_Exercise instructions_
Give an exact copy of the data that follows, but none of its pictures.

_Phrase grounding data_
════════
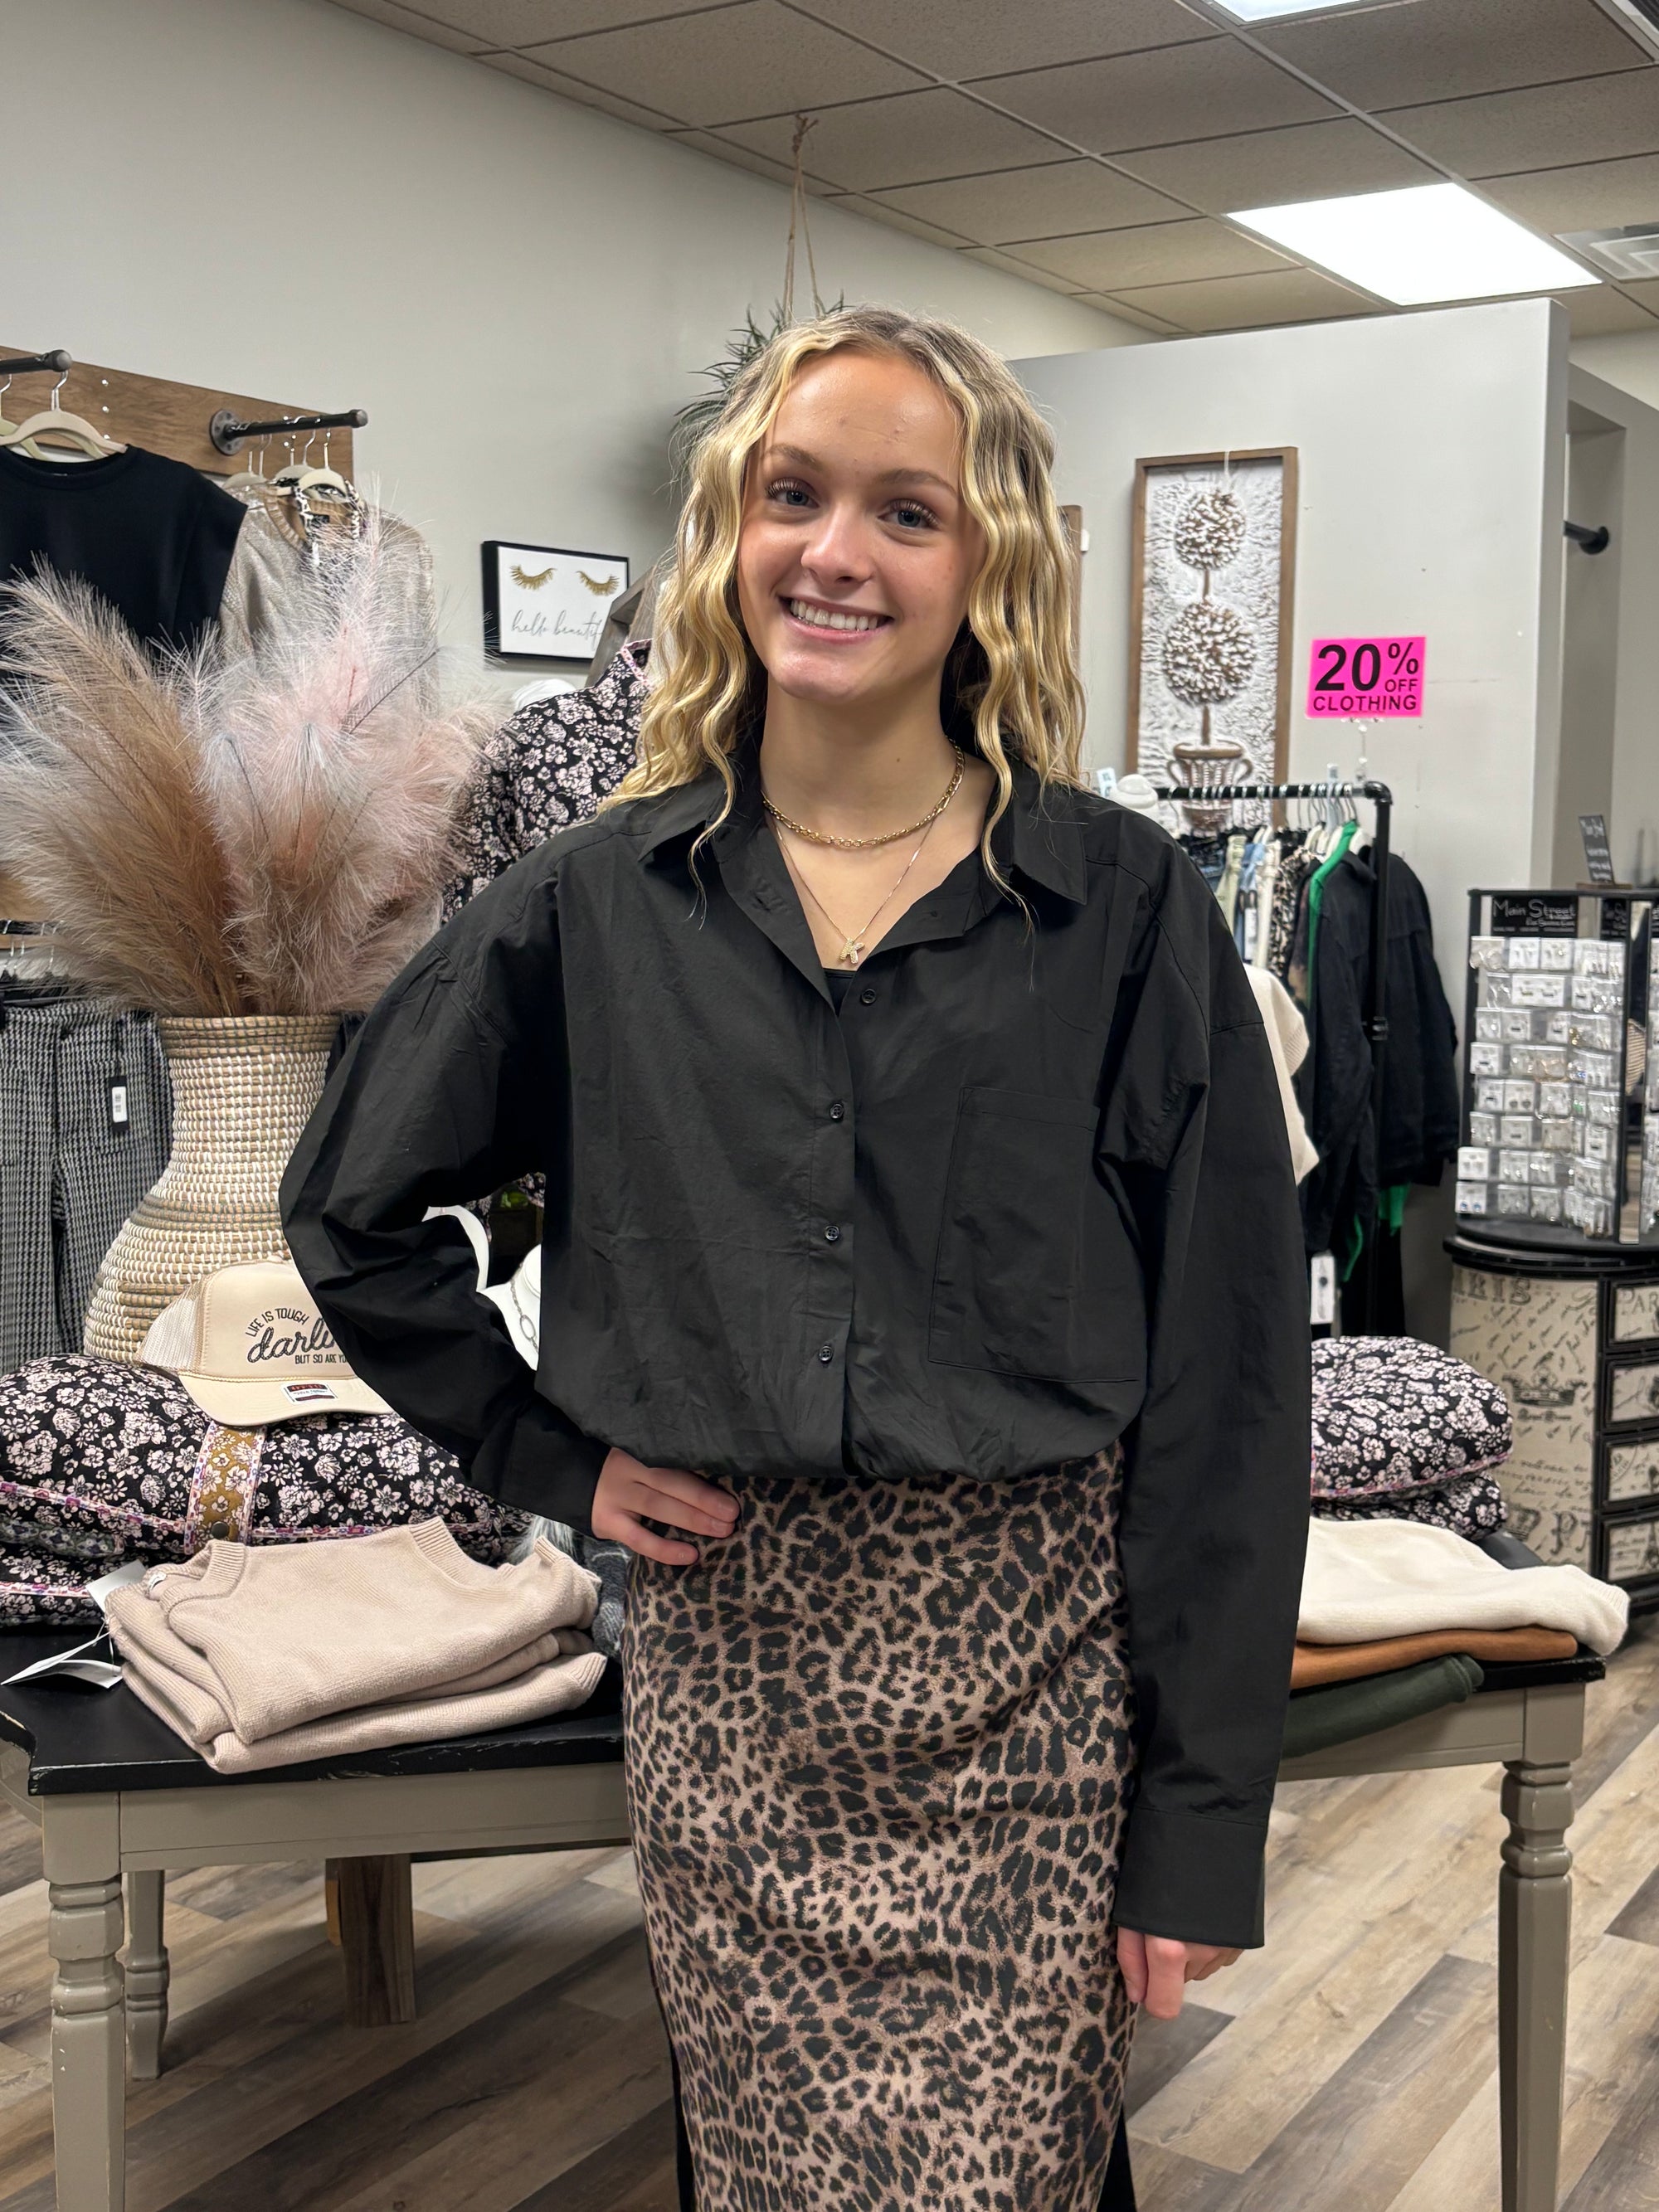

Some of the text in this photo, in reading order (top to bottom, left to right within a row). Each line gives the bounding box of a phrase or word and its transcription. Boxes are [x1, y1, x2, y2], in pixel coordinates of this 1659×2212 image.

[512, 610, 603, 651] hello beautif
[1315, 642, 1418, 693] 20% OFF
[1313, 695, 1417, 712] CLOTHING
[1492, 898, 1576, 919] Main Street
[246, 1307, 309, 1337] LIFE IS TOUGH
[247, 1317, 335, 1363] darli
[295, 1354, 348, 1364] BUT SO ARE YO
════════
_Your solution_
Some of the text in this photo, in reading order (top to bottom, left to right within a row). Each line gives the bounding box of a phrase or word and its transcription. Boxes are [x1, y1, x2, y2], in pixel coordinates of this 1659×2212 image.

[512, 610, 603, 651] hello beautif
[1315, 642, 1418, 693] 20% OFF
[1313, 695, 1417, 712] CLOTHING
[1492, 898, 1576, 919] Main Street
[246, 1307, 309, 1337] LIFE IS TOUGH
[247, 1317, 335, 1363] darli
[295, 1354, 348, 1364] BUT SO ARE YO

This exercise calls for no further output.